The great thing about growing up is discovering all these different parts of yourself. I mean, basically any coming-of-age movie makes it clear that we’re all trying to ‘find ourselves’.
*spoiler – They find themselves.
*plot twist – I’ve never been very good at hide and seek.
So, whilst moving from one existential crisis to the next, we get to know ourselves, right? We start becoming familiar with our self in relation to the space we find ourselves in. The shitty thing is though – not all of our parts are nice. Not all of them want to be found, and quite frankly, I wouldn’t mind not-looking for them either.
One of the little discoveries I have recently made is the ease in which I fall into self-doubt.

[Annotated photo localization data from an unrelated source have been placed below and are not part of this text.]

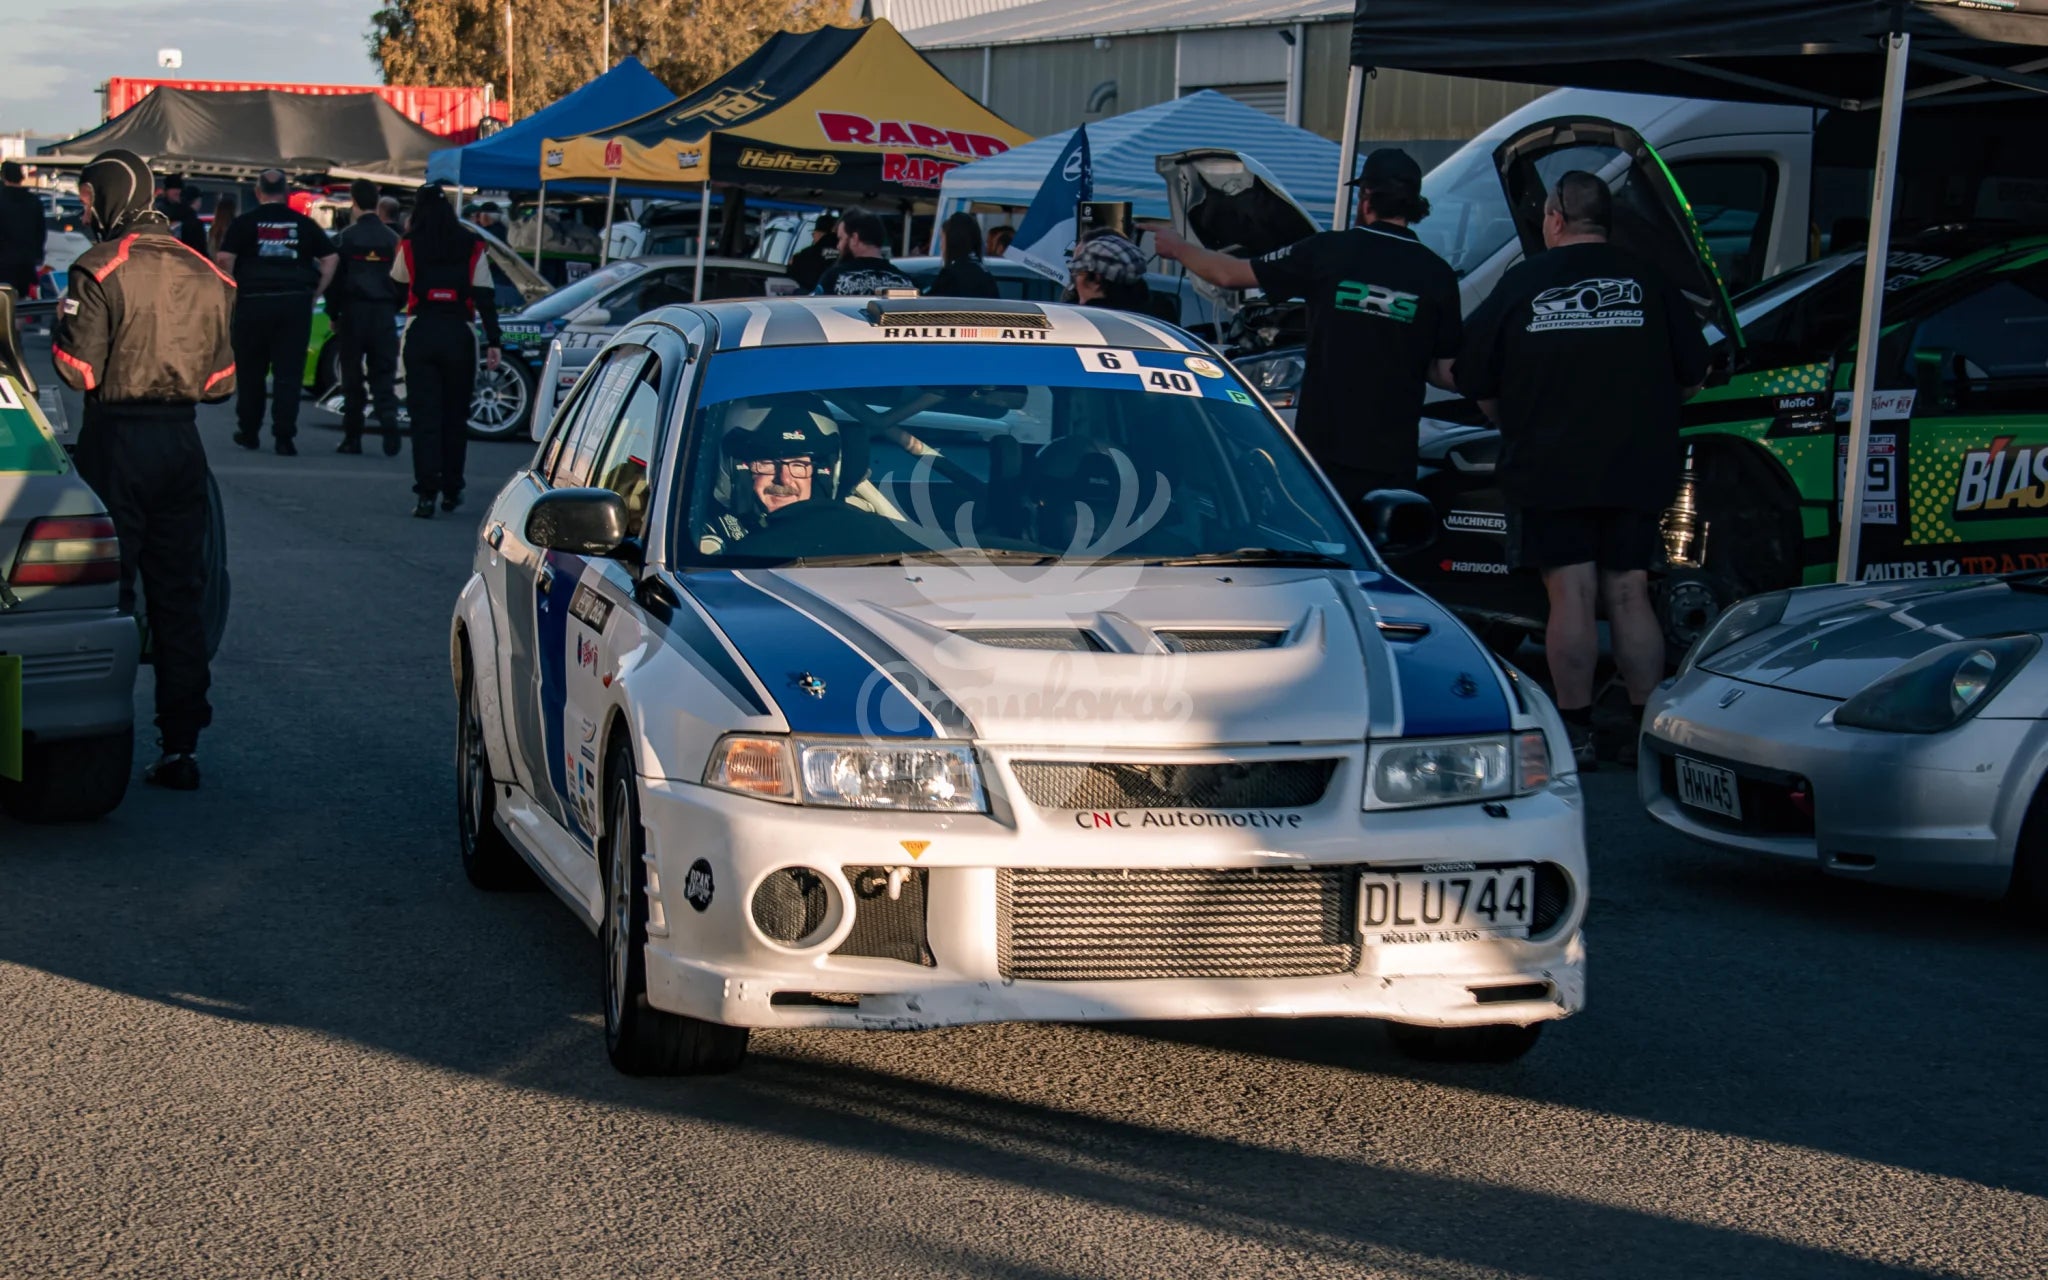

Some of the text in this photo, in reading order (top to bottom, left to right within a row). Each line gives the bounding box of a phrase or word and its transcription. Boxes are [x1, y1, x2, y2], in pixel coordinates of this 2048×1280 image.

[818, 112, 1010, 157] RAPID
[739, 149, 840, 174] Haltech
[1532, 309, 1644, 322] CENTRAL OTAGO
[1535, 319, 1611, 330] MOTORSPORT
[884, 328, 1050, 340] RALLI ART
[1097, 352, 1121, 370] 6
[1150, 371, 1193, 392] 40
[1863, 561, 1928, 581] MITRE
[1932, 559, 1962, 578] 10
[1075, 809, 1302, 829] CNC Automotive
[1364, 875, 1527, 926] DLU744
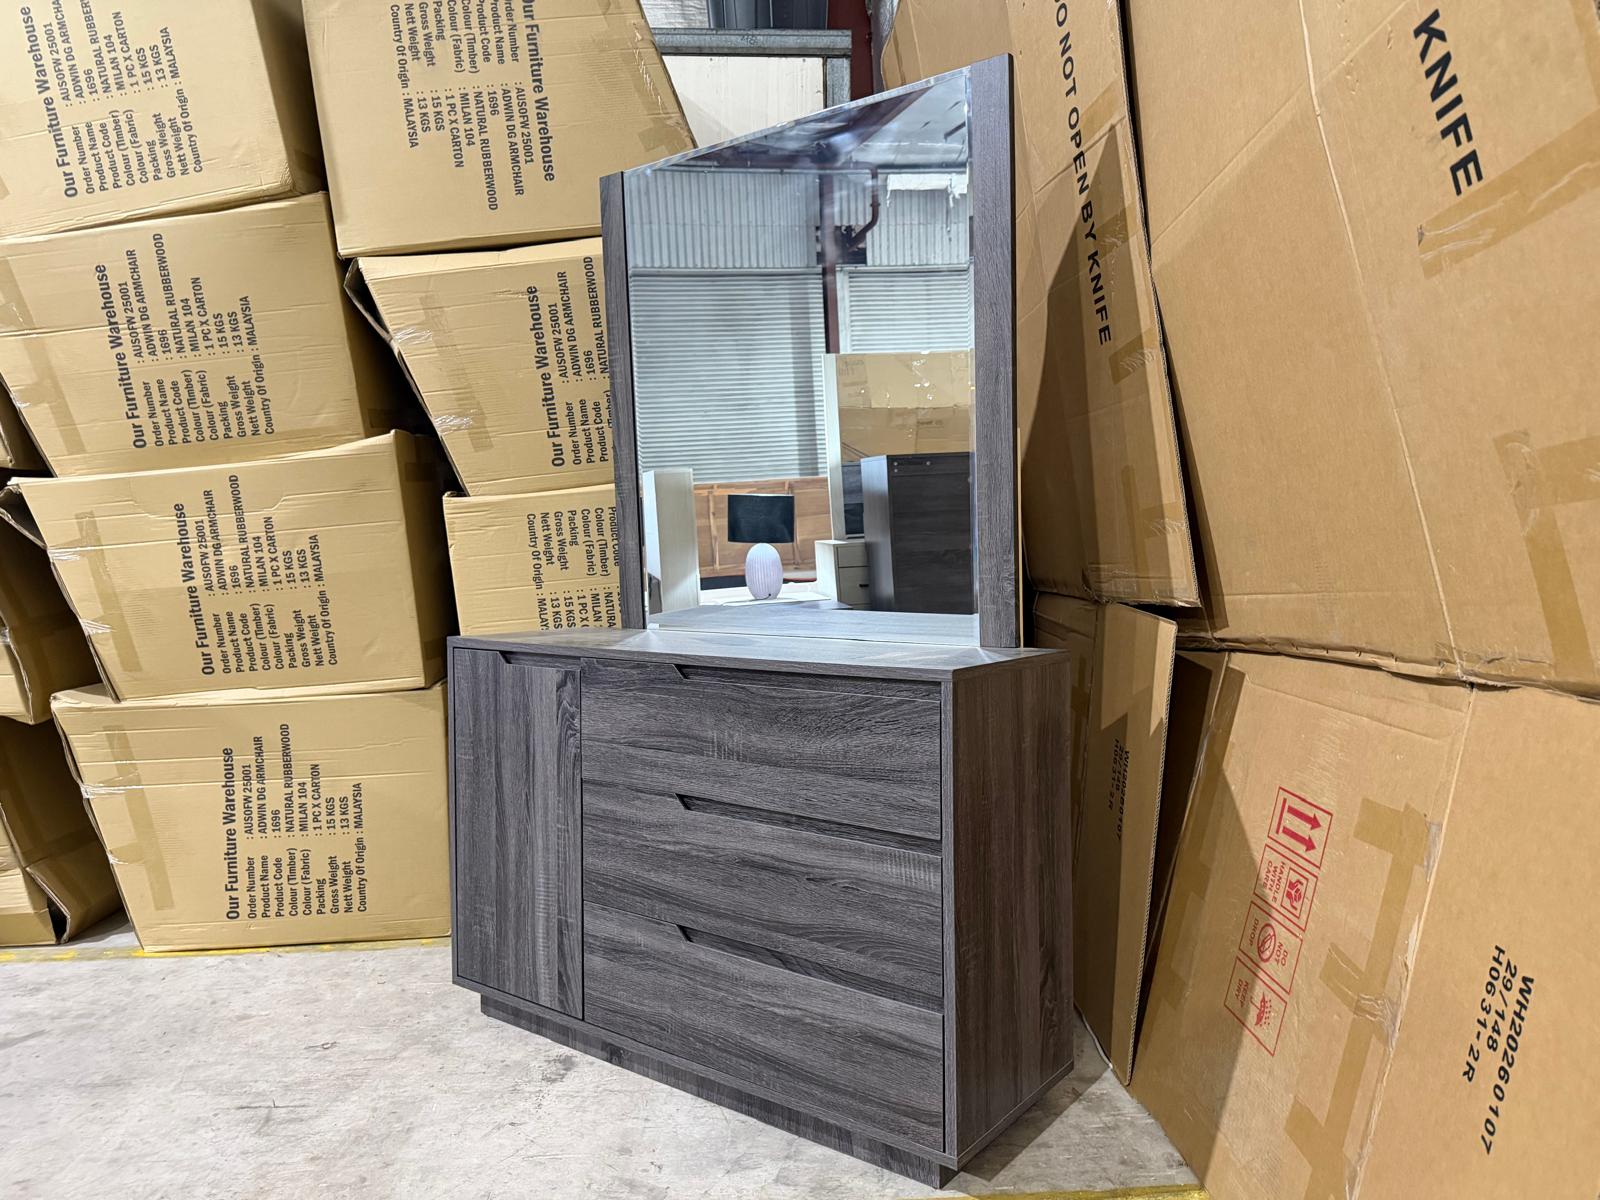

This little bugger, however, is not shy at all and it was never lost. It knows exactly where it can and can’t go and just does what it likes anyway. I never went looking for it, it’s just been around.
Now that I have (or at least tried) to acknowledge my little partner in crime, I am trying to distinguish between my actual flaws and the blatant lies my brain tells my body.
The most recent lie in the saga of my mind has been the reoccurring theme that, no one likes me, no one loves me, no one will come when I need them and as soon as I leave the room there is a basic unanimous sigh of relief from the universe in general that I am no longer paining anyone with my presence. Melodramatic, I know, but bare with me.
We start believing it, and as soon as it’s stuck, Mr. self-doubt feeds on everything and anything it sees. We start perpetuating it in the things around us.
*CUE THOUGHT* – “It’s been like 2hours, why hasn’t he/she replied, I probably did something dumb again, why are they mad, are they okay?” –
and then there’s the reality that they’re probably just busy dude. Chill.
Second-guessing and doubt will get you absolutely nowhere when it comes to the things you can’t control or the people around you. Also, I am pretty darn sure that if someone loves you – the petty things you worry about is not enough to make them up and leave.
Therefore, in order to keep my sanity – I am starting to be as kind to myself as I try to be to others. You are human, You are trying your best, you’re growing and constantly creating yourself. Breathe a bit and let the people around you prove the poo part of your brain wrong as much as they can – and people will, I promise.